More and more people are coming to us wanting to renegotiate their relationship with social media. They report feeling out of control and frazzled by the energy spent crafting the perfect comment and monitoring responses. They regret the hours consumed roaming internet rabbit holes and watching clever videos.
Ring any bells?
Facebook is like potato chips.
As humans we have developed a lot of unconscious and automatic mechanisms that serve us well most of the time, but on occasion we can be unwittingly triggered in not so good ways. For example, salt and fat are essential nutrients, but not in party-size bags consumed at night on the couch. Likewise, social media drips luscious chemicals into our brains with a promising ping of connection and novelty. But this promise is unfulfilled when it interrupts a meal with a friend, or escalates into a distraction 24/7.
Facebook and potato chips are designed to hook us into a relationship someone else wants us to have based on their agenda. The saving grace is that we do have a choice. We can consciously decide how these activities do or do not contribute to our well being, and then choose based on our agenda.
What's the impact on your quality of life?

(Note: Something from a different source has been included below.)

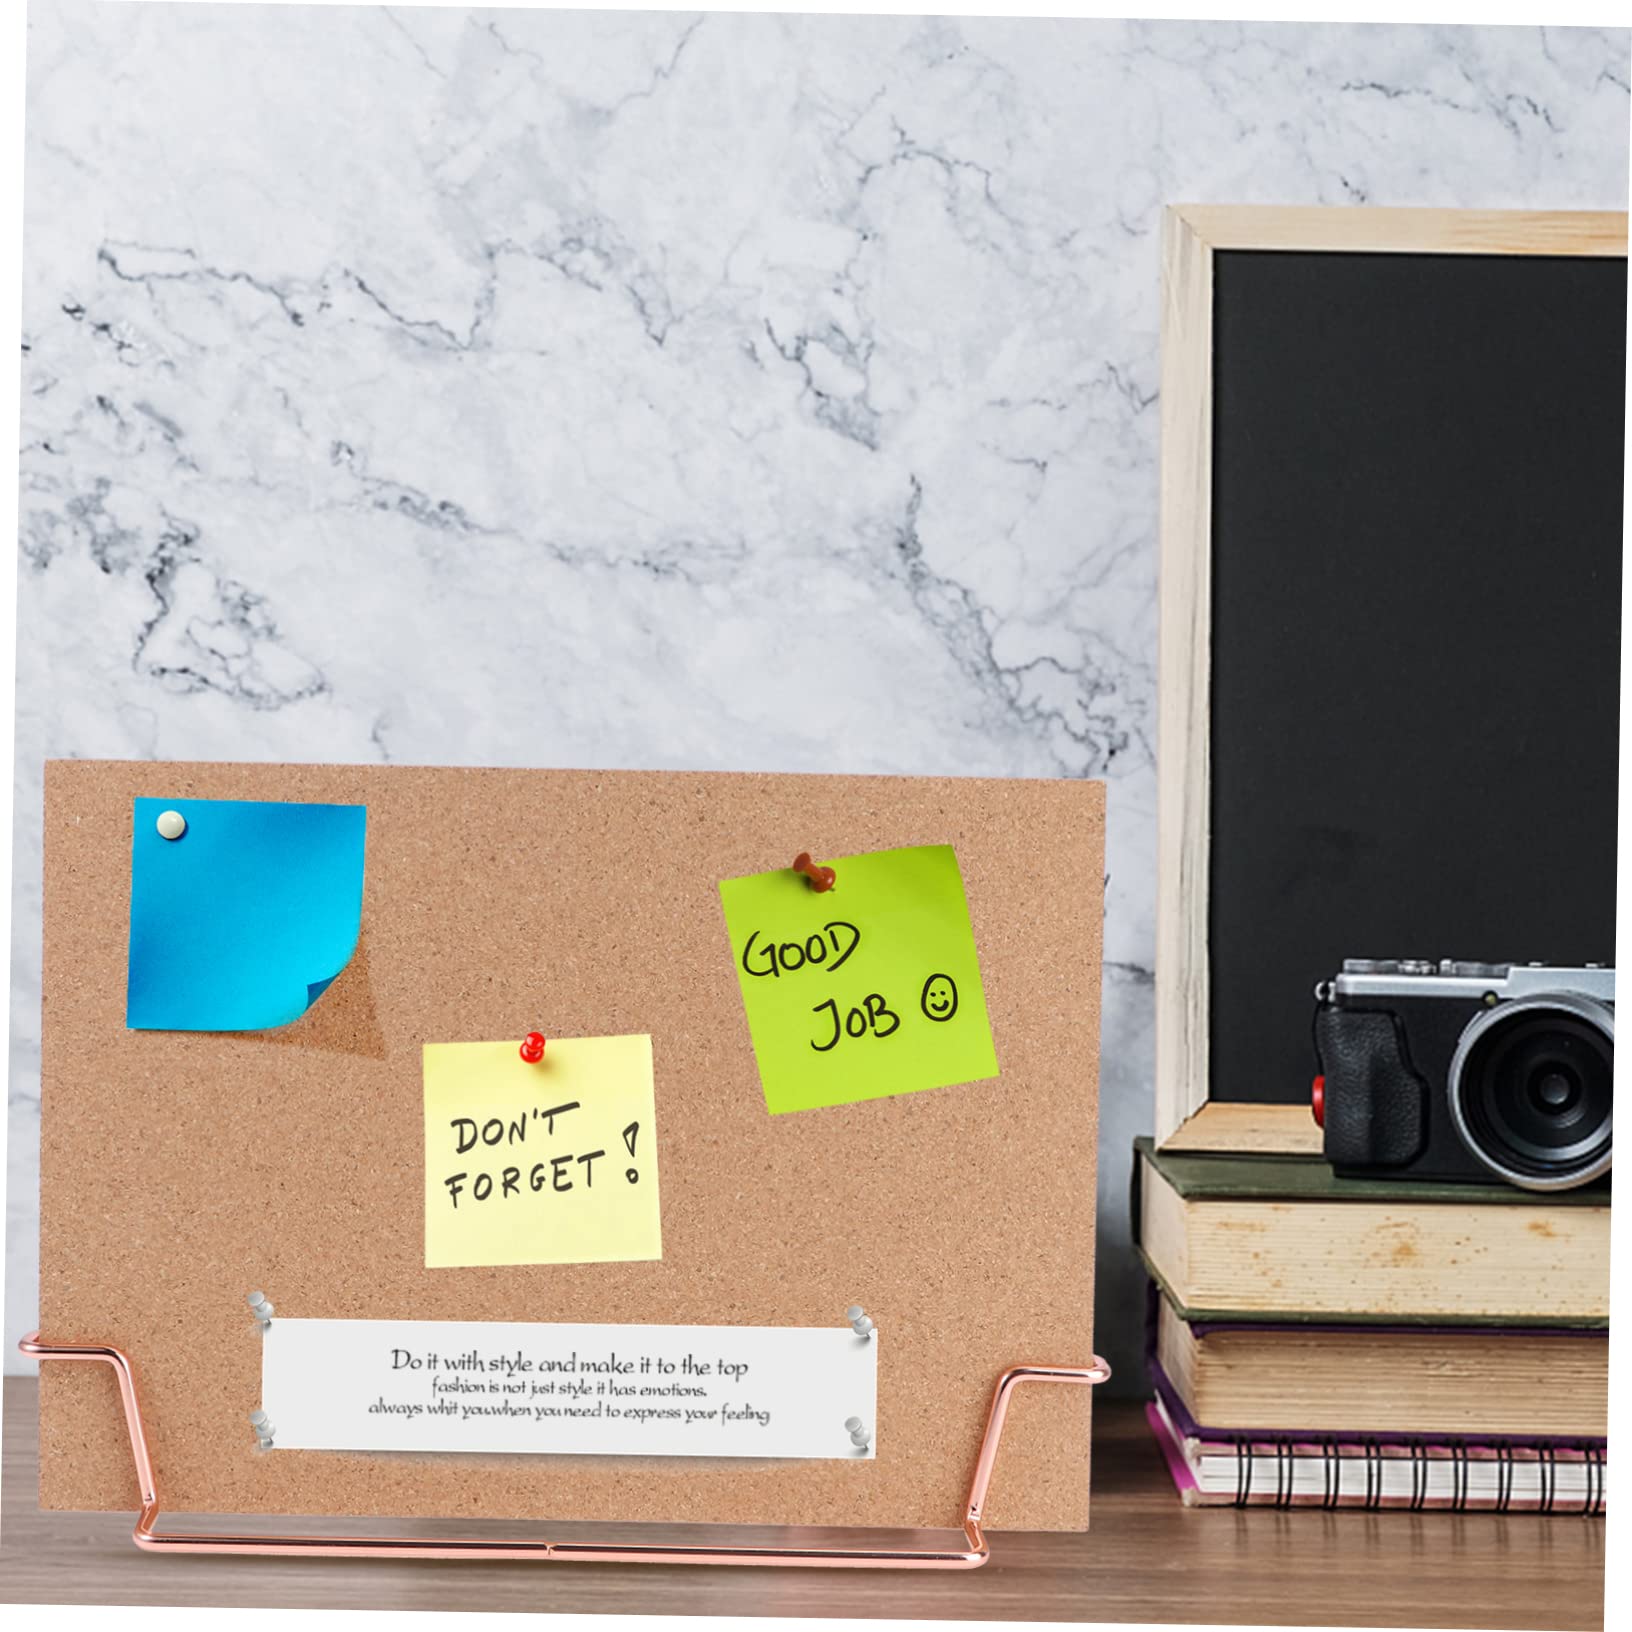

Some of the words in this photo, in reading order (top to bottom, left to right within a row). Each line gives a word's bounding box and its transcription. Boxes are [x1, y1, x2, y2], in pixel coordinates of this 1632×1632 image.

We know a retired woman who lost both her legs, and went on to become a well-respected book review blogger. She spends a lot of time connecting with people online, and it has substantially enriched her world. We also know a couple whose relationship was strained because of all the time spent online versus connecting as a family.
The amount of time you spend on social media should be in proportion to the amount of goodness it brings into your life. Ask yourself, "How life enhancing is the return on my investment of time and energy?"
Consider the opportunity costs. Are there things you are not doing now because of the time you spend on social media, such as:
If you don't already know, track your social media time for a couple of days. Note when you start and when you finish and include the time spent following links and watching videos, as well as how frequently you engage with it (2?, 10?, 50? times a day).
What might you do if you had this time—an hour, or four, or five—to spend on something else, uninterrupted?
Create your own Quality of Life Guidelines.
Inhabit your independence and consciously decide how you want to spend your precious time on earth. This applies to social media, as well as just about all areas of your life. The following strategies will help you figure out your personal guidelines.
~ Take a break. It's good to get a breather from just about everything in your life from time to time, especially social media. Try regularly turning it off for day or two, and on occasion, for a week. This time away will give you a perspective on its impact, and allow you to more easily hit the reset button. We've written about unplugging and electronic Sabbaths in several other essays.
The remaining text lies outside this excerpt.